Glossary Term
Everyone Is You Pushed Out (EIYPO)
Neville Goddard's teaching that other people in your reality are reflections of your own assumptions, beliefs, and inner conversations about them.
What Is Everyone Is You Pushed Out?
Everyone is you pushed out, often abbreviated as EIYPO, is one of Neville Goddard's most powerful and challenging teachings. It states that the people in your life are reflecting your own assumptions, beliefs, and inner conversations back to you. Others do not act independently of your consciousness. Instead, they conform to the role you have assigned them through your dominant thoughts and feelings about them.

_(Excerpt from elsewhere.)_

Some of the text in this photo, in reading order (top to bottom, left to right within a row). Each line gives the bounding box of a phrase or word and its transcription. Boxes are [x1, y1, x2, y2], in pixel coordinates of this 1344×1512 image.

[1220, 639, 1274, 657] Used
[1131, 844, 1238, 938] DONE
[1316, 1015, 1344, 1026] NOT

Neville expressed this directly: "The world is yourself pushed out. Ask yourself what you want and then give it to yourself." This does not mean that other people are not real or that they lack their own consciousness. It means that your experience of them is shaped entirely by your internal state.
How EIYPO Works
Consider a practical example. If you believe your boss is difficult and critical, you will consistently experience that behavior from them. You might say, "But they really are critical, everyone at work agrees." Yet Neville would point out that your assumption came first. You decided your boss was critical, and your reality reflected that assumption.

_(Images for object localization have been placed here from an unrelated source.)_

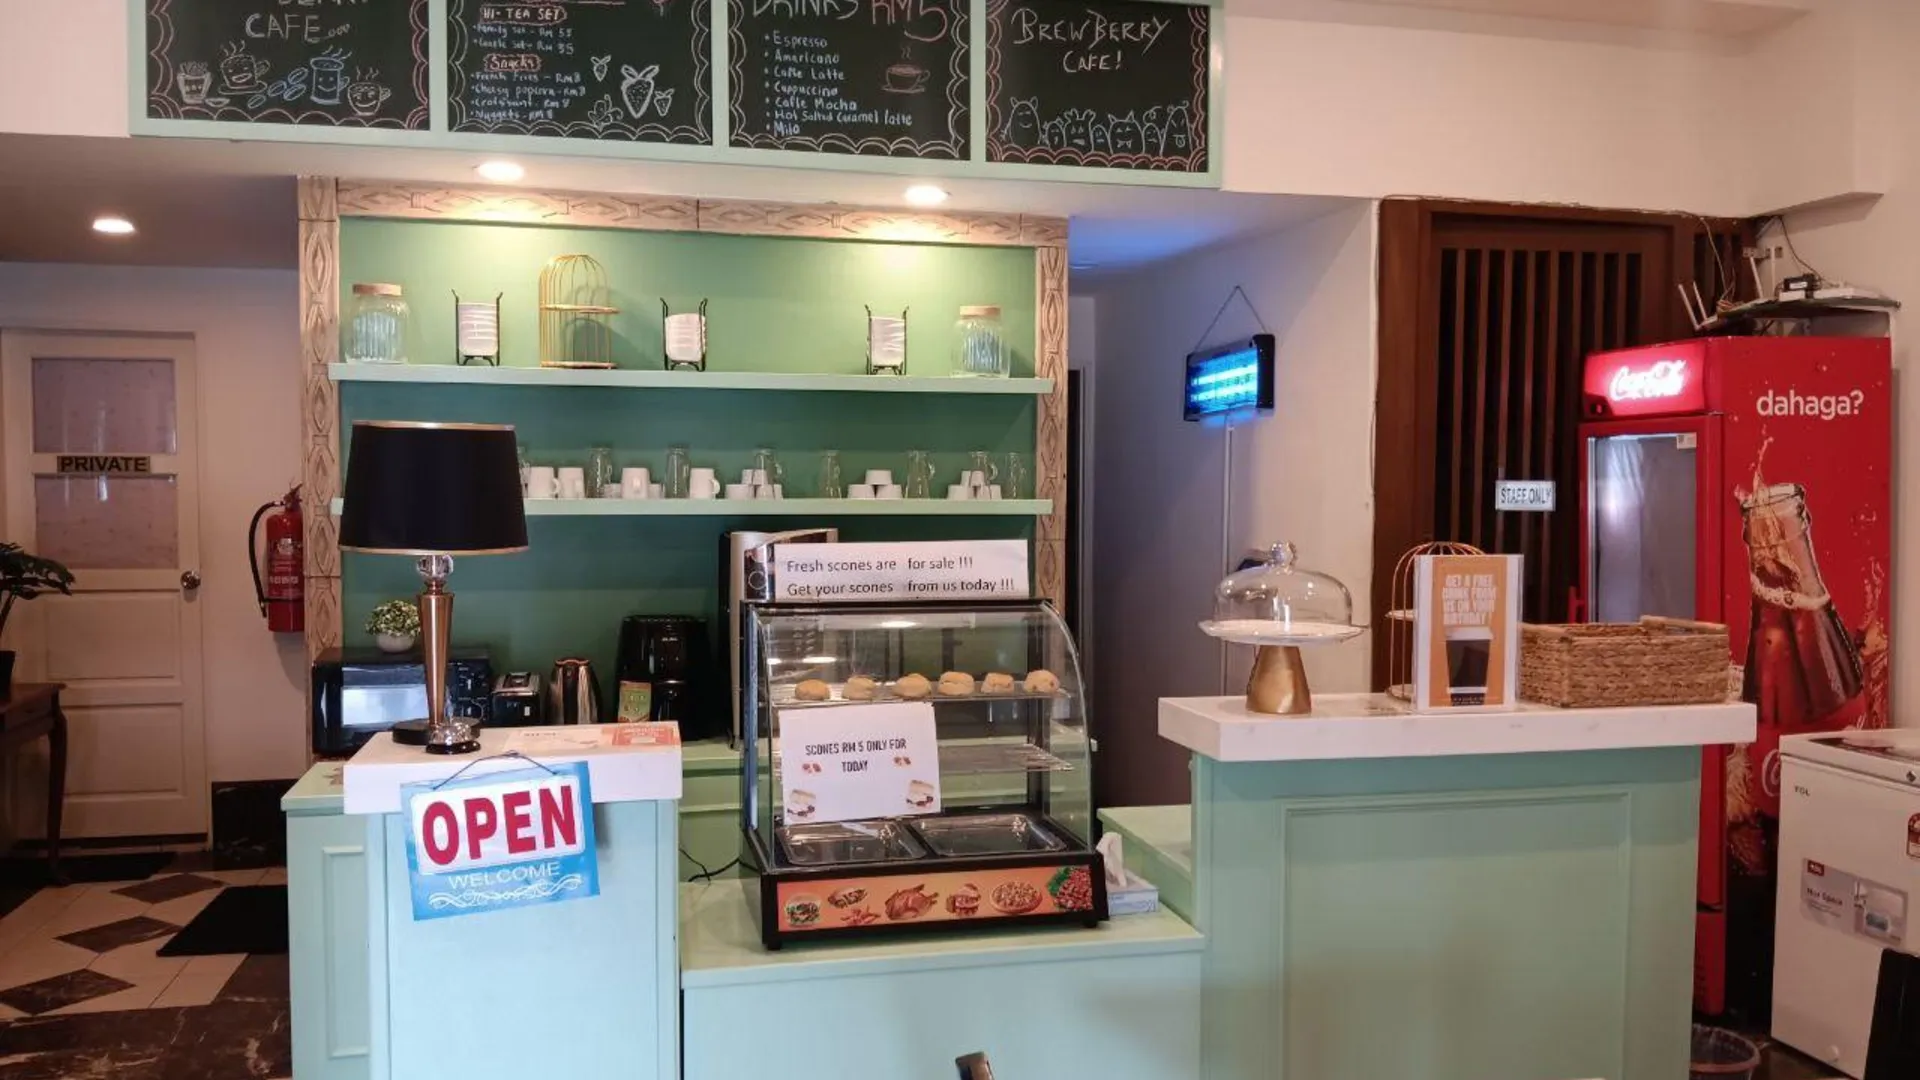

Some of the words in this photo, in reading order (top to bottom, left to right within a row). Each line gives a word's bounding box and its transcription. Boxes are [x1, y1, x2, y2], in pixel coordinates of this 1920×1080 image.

[538, 8, 560, 20] SET
[245, 13, 320, 43] CAFE
[773, 30, 828, 48] Espresso
[774, 50, 840, 64] Americano
[811, 67, 845, 81] Latte
[774, 80, 839, 98] Cappuccino
[815, 98, 858, 111] Mocha
[774, 110, 798, 121] Hot
[837, 109, 879, 124] Caramel
[774, 121, 800, 137] Milo
[1755, 389, 1865, 421] dahaga?
[60, 456, 148, 473] PRIVATE
[1501, 487, 1527, 504] STAFF
[1529, 487, 1552, 504] ONLY
[786, 560, 823, 573] Fresh
[827, 561, 872, 572] scones
[875, 560, 897, 571] are
[907, 559, 926, 570] for
[929, 557, 955, 570] sale
[959, 556, 974, 568] !!!
[786, 582, 813, 596] Get
[815, 584, 845, 598] your
[849, 582, 894, 594] scones
[907, 580, 939, 593] from
[942, 581, 957, 592] us
[960, 578, 997, 594] today
[1000, 577, 1014, 590] !!!
[805, 743, 839, 756] SCONES
[842, 741, 856, 754] RM
[858, 741, 864, 752] 5
[866, 739, 887, 751] ONLY
[889, 738, 906, 750] FOR
[841, 760, 868, 773] TODAY
[422, 785, 577, 865] OPEN
[448, 860, 560, 889] WELCOME

Now imagine shifting your inner conversation. Instead of mentally rehearsing your boss's criticism, you begin to imagine them praising your work, being supportive and kind. You hold this new assumption consistently. Over time, you start to notice changes. Perhaps your boss becomes warmer, or you receive unexpected positive feedback. The outer shifted because the inner shifted first.
This works with everyone: romantic partners, family members, friends, strangers, and even groups of people. Your assumptions about them determine how they show up in your world.
Why EIYPO Matters for Manifestation
Understanding EIYPO is transformative because it moves you from a position of victimhood to one of complete creative power. If others are reflecting your inner state, then you are never at the mercy of someone else's behavior. You always have the ability to change the reflection by changing the source, which is your own consciousness.
This is particularly important in relationships. Many people try to change others through action, persuasion, or confrontation. EIYPO teaches that the most effective way to change someone's behavior toward you is to change your inner assumptions about them.
How to Apply EIYPO
1. Examine Your Inner Conversations
Pay attention to what you mentally say about the people in your life. Do you rehearse arguments? Do you assume the worst about someone's intentions? These inner conversations are instructions to your reality. They determine how people treat you.
2. Revise Your Assumptions
For any person whose behavior you want to change, create a new inner narrative. If you want your partner to be more affectionate, begin to imagine them being affectionate. Hear them say loving things in your mind. Feel the warmth of a close connection. Make this your dominant inner experience of them.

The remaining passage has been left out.